As regular CFZ-watchers will know, for some time Corinna has been doing a column for Animals & Men and a regular segment on On The Track... particularly about out-of-place birds and rare vagrants. There seem to be more and more bird stories from all over the world hitting the news these days so, to make room for them all - and to give them all equal and worthy coverage - she has set up this new blog to cover all things feathery and Fortean.

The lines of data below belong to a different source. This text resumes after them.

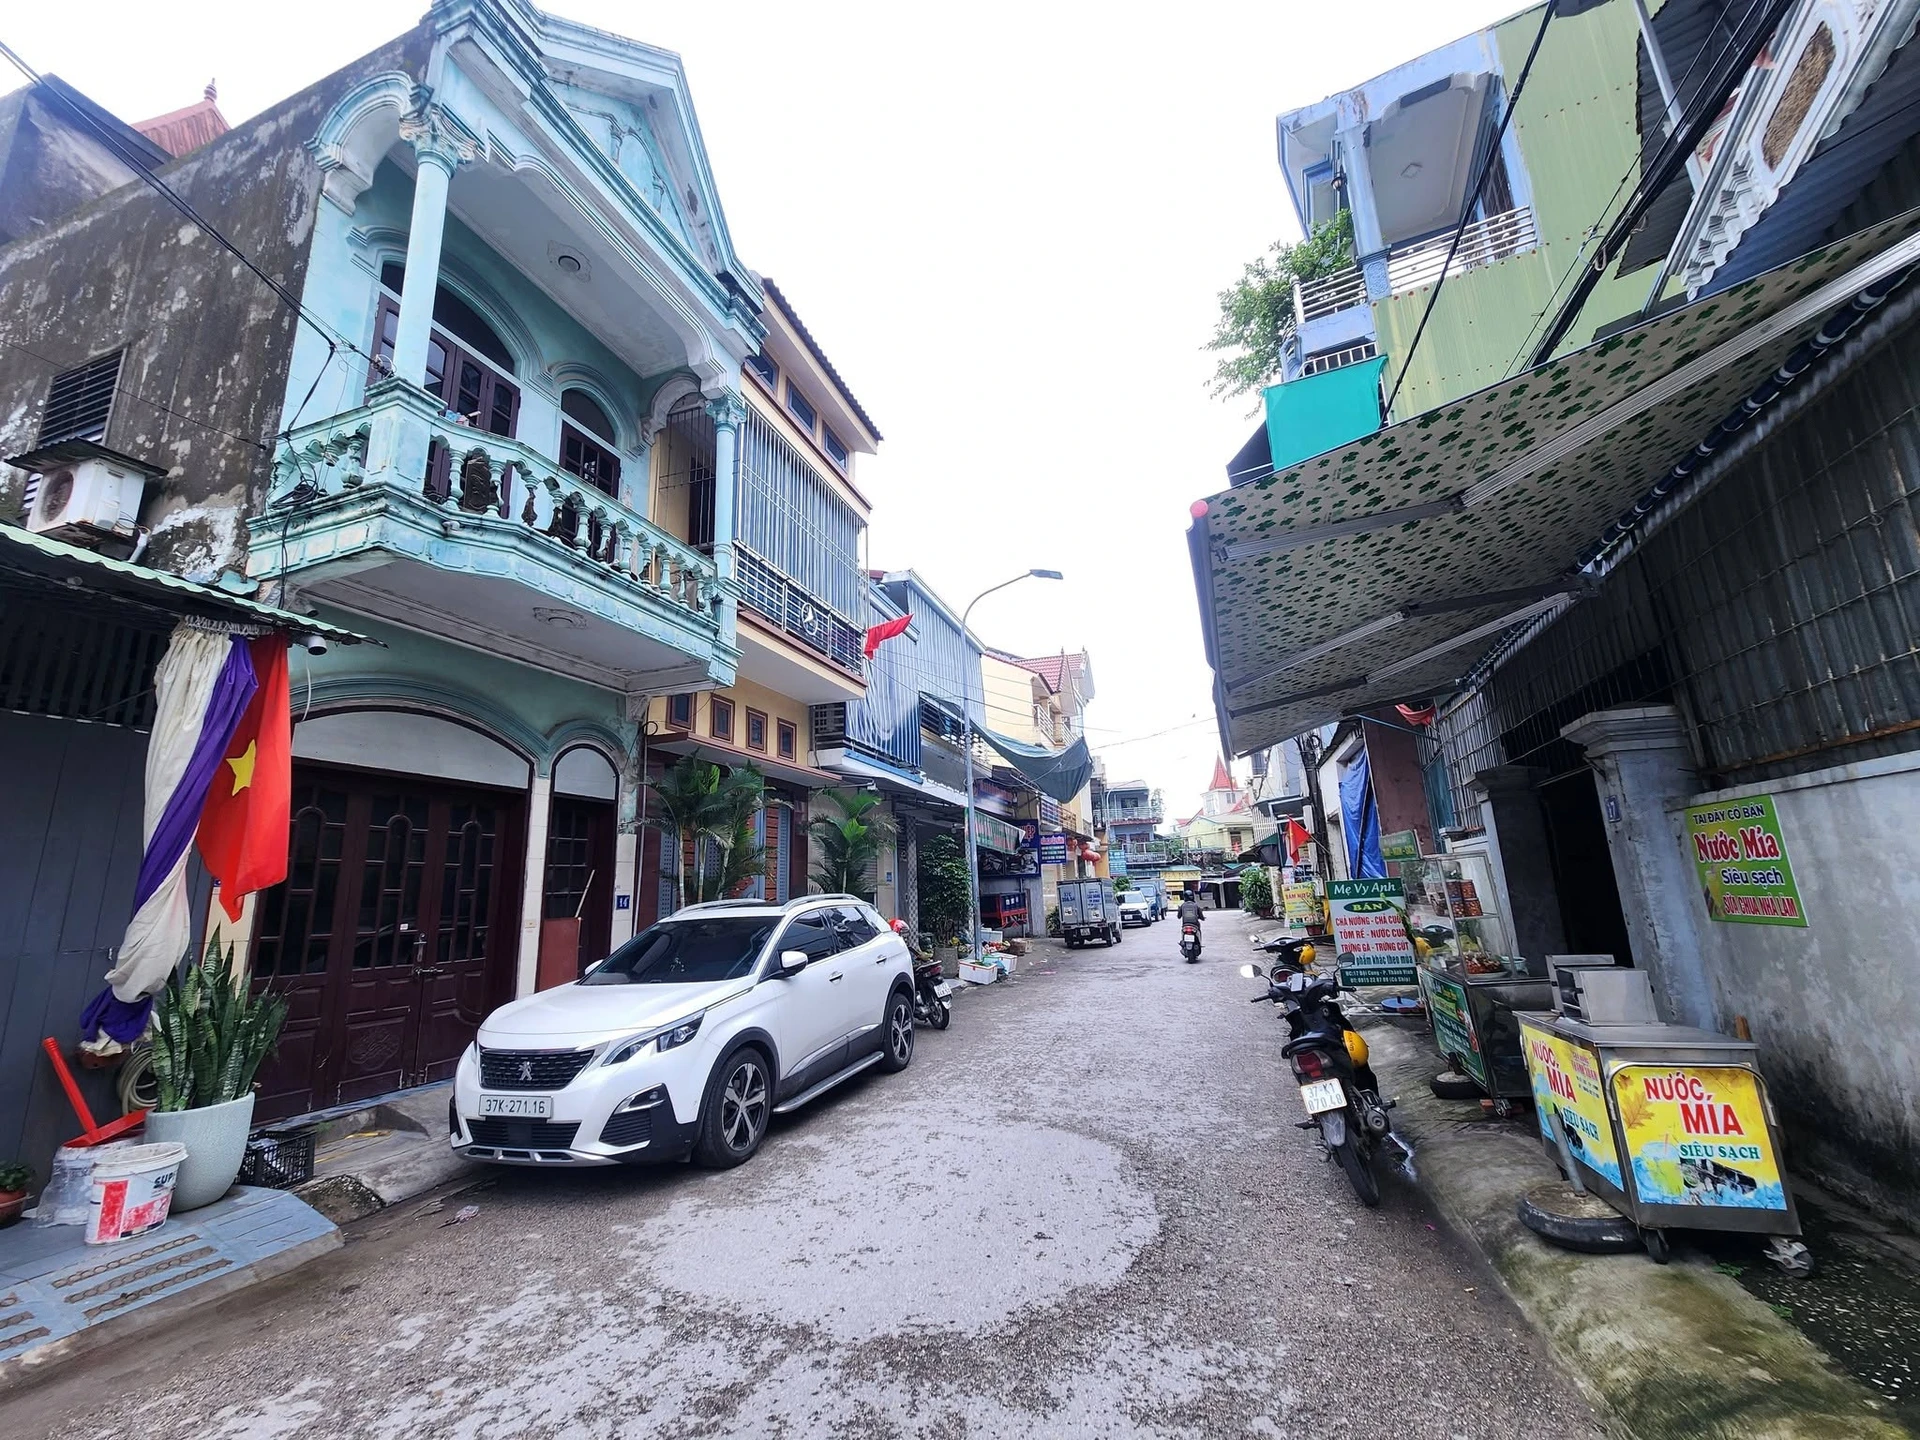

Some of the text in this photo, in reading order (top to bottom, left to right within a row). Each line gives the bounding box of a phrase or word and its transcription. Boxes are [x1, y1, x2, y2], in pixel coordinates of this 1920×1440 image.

[1693, 803, 1765, 826] TẠI ĐÂY CÓ BÁN
[1693, 825, 1780, 862] Nước Mía
[1334, 882, 1396, 896] Mẹ Vy Anh
[1721, 867, 1784, 889] Siêu sạch
[1352, 901, 1383, 911] BÁN
[1335, 915, 1349, 926] CHẢ
[1349, 914, 1370, 926] NƯỚNG
[1374, 914, 1388, 925] CHẢ
[1371, 928, 1390, 939] NƯỚC
[1391, 928, 1407, 938] CUA
[1341, 942, 1361, 953] TRỨNG
[1361, 942, 1371, 953] GÀ
[1375, 941, 1396, 952] TRỨNG
[1396, 941, 1409, 951] CÚT
[1372, 954, 1387, 965] khác
[1387, 954, 1400, 964] theo
[1531, 1040, 1555, 1066] NƯỚC
[1546, 1062, 1577, 1103] MÍA
[1643, 1072, 1706, 1101] NƯỚC
[1562, 1107, 1600, 1141] SIÊU SẠCH
[1680, 1094, 1744, 1136] MÍA
[1680, 1141, 1761, 1161] SIÊU SẠCH

Thursday, 15 February 2018

Rare Sighting: Egyptian Nightjar Bird Finds a Home on Israeli Kibbutz


The disappearing Dead Sea has provided this rare bird species not seen in the region since 1947 with new nesting grounds

 Feb 09, 2018 11:30 PM

In 2014, rangers from the Israel Nature and Parks Authority arrested a number of foreign workers at Kibbutz Beit Ha’arava, just north of the Dead Sea in the West Bank, on suspicions of illegal hunting. When the rangers reenacted the alleged crimes with the suspects, the kibbutz’s security coordinator told Erez Bruchi, one of the rangers, that the night before he had hit a bird with his car.

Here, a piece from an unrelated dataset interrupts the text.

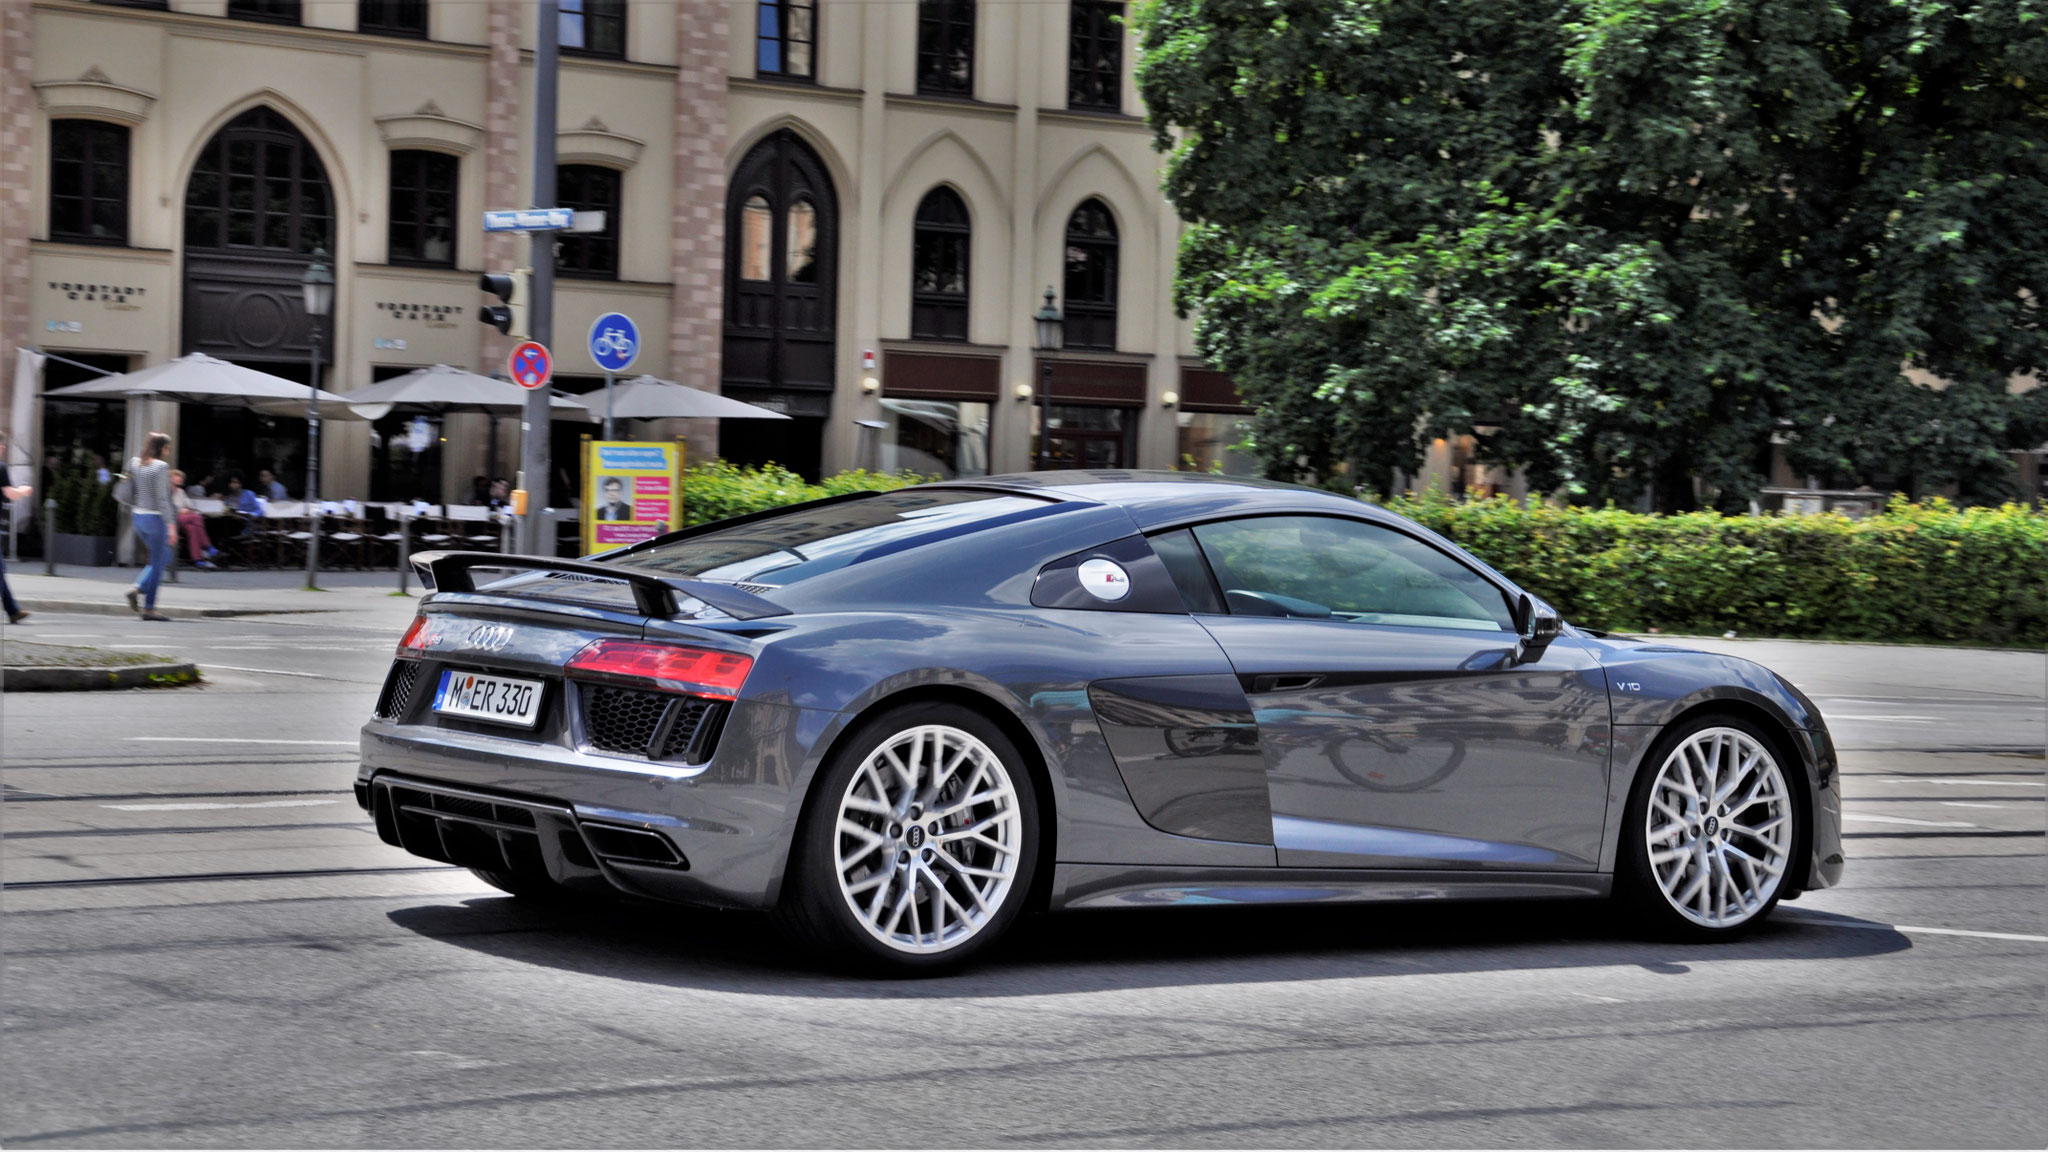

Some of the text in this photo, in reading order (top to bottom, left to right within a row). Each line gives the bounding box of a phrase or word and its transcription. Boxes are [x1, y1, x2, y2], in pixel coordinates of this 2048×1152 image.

The dead animal was still stuck in the car’s grill and the security coordinator sent Bruchi a picture, which he sent out to birdwatchers for help. The identification turned out to be a big surprise. A number of birdwatchers raised the possibility that the bird was an Egyptian nightjar (Caprimulgus aegyptius), which is crepuscular – most active around nightfall and dawn. It feeds on insects and nests on the ground.

The last time an Egyptian nightjar was seen nesting in what is now Israel or the West Bank was 1947; since then it has occasionally been spotted in the far south in the Arava region and the resort city of Eilat.